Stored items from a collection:
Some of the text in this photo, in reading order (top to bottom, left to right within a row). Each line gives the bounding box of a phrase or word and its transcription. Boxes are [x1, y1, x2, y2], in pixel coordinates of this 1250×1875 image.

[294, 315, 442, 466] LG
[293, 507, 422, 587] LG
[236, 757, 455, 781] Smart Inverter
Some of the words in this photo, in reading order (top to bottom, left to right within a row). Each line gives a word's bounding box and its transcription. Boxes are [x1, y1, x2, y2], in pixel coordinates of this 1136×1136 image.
--
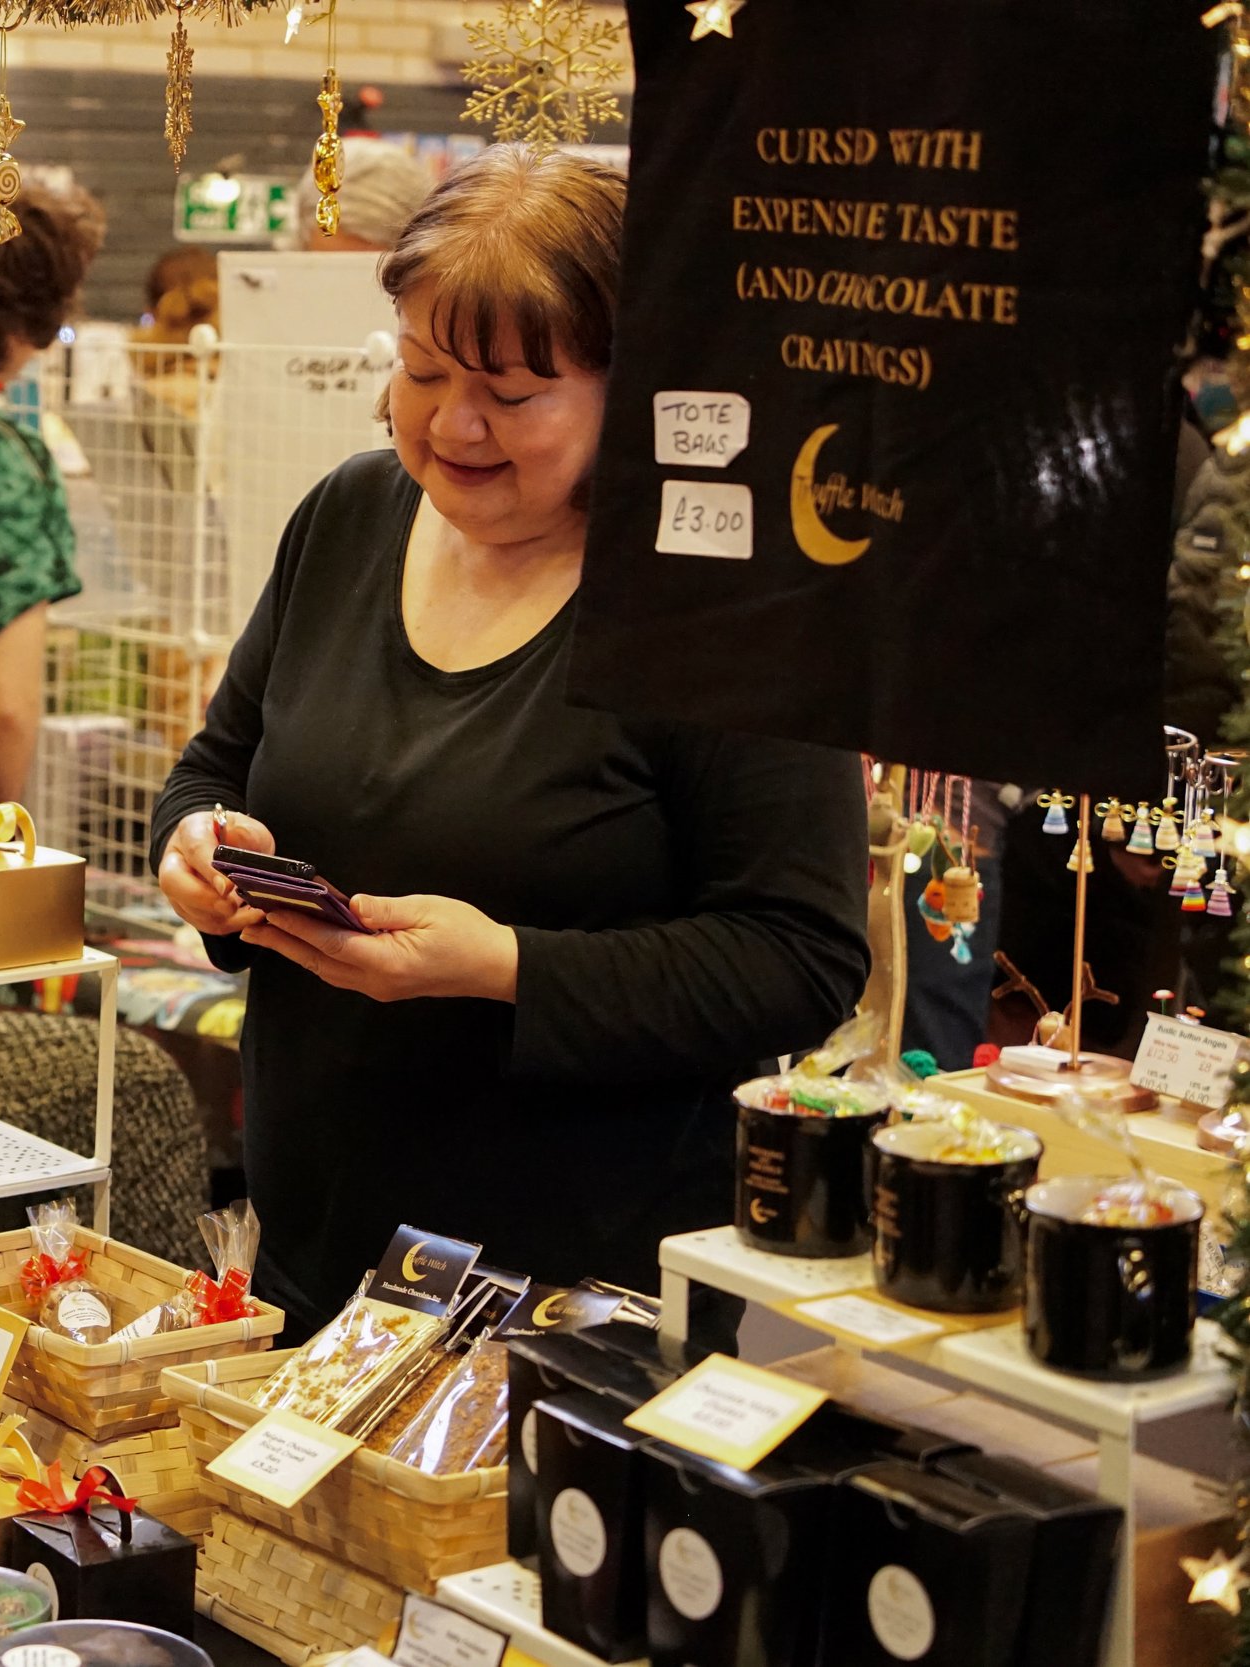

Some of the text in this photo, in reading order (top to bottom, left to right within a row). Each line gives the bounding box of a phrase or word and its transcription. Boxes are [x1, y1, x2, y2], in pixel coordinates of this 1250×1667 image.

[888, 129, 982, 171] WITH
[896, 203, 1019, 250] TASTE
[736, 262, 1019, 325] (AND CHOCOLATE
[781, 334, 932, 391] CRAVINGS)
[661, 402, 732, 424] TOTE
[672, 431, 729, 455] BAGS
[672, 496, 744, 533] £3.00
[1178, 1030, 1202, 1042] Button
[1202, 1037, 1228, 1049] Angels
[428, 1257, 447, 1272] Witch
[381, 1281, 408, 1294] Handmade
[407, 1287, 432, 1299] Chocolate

• [Try it]
Both the line containing "this 1250×1875 image." and the line containing "Some of the words" belong in the answer. Print them and every line above that falls between them exactly, and no others.

• [Exercise answer]
Some of the text in this photo, in reading order (top to bottom, left to right within a row). Each line gives the bounding box of a phrase or word and its transcription. Boxes are [x1, y1, x2, y2], in pixel coordinates of this 1250×1875 image.

[294, 315, 442, 466] LG
[293, 507, 422, 587] LG
[236, 757, 455, 781] Smart Inverter
Some of the words in this photo, in reading order (top to bottom, left to right within a row). Each line gives a word's bounding box and its transcription. Boxes are [x1, y1, x2, y2], in pixel coordinates of this 1136×1136 image.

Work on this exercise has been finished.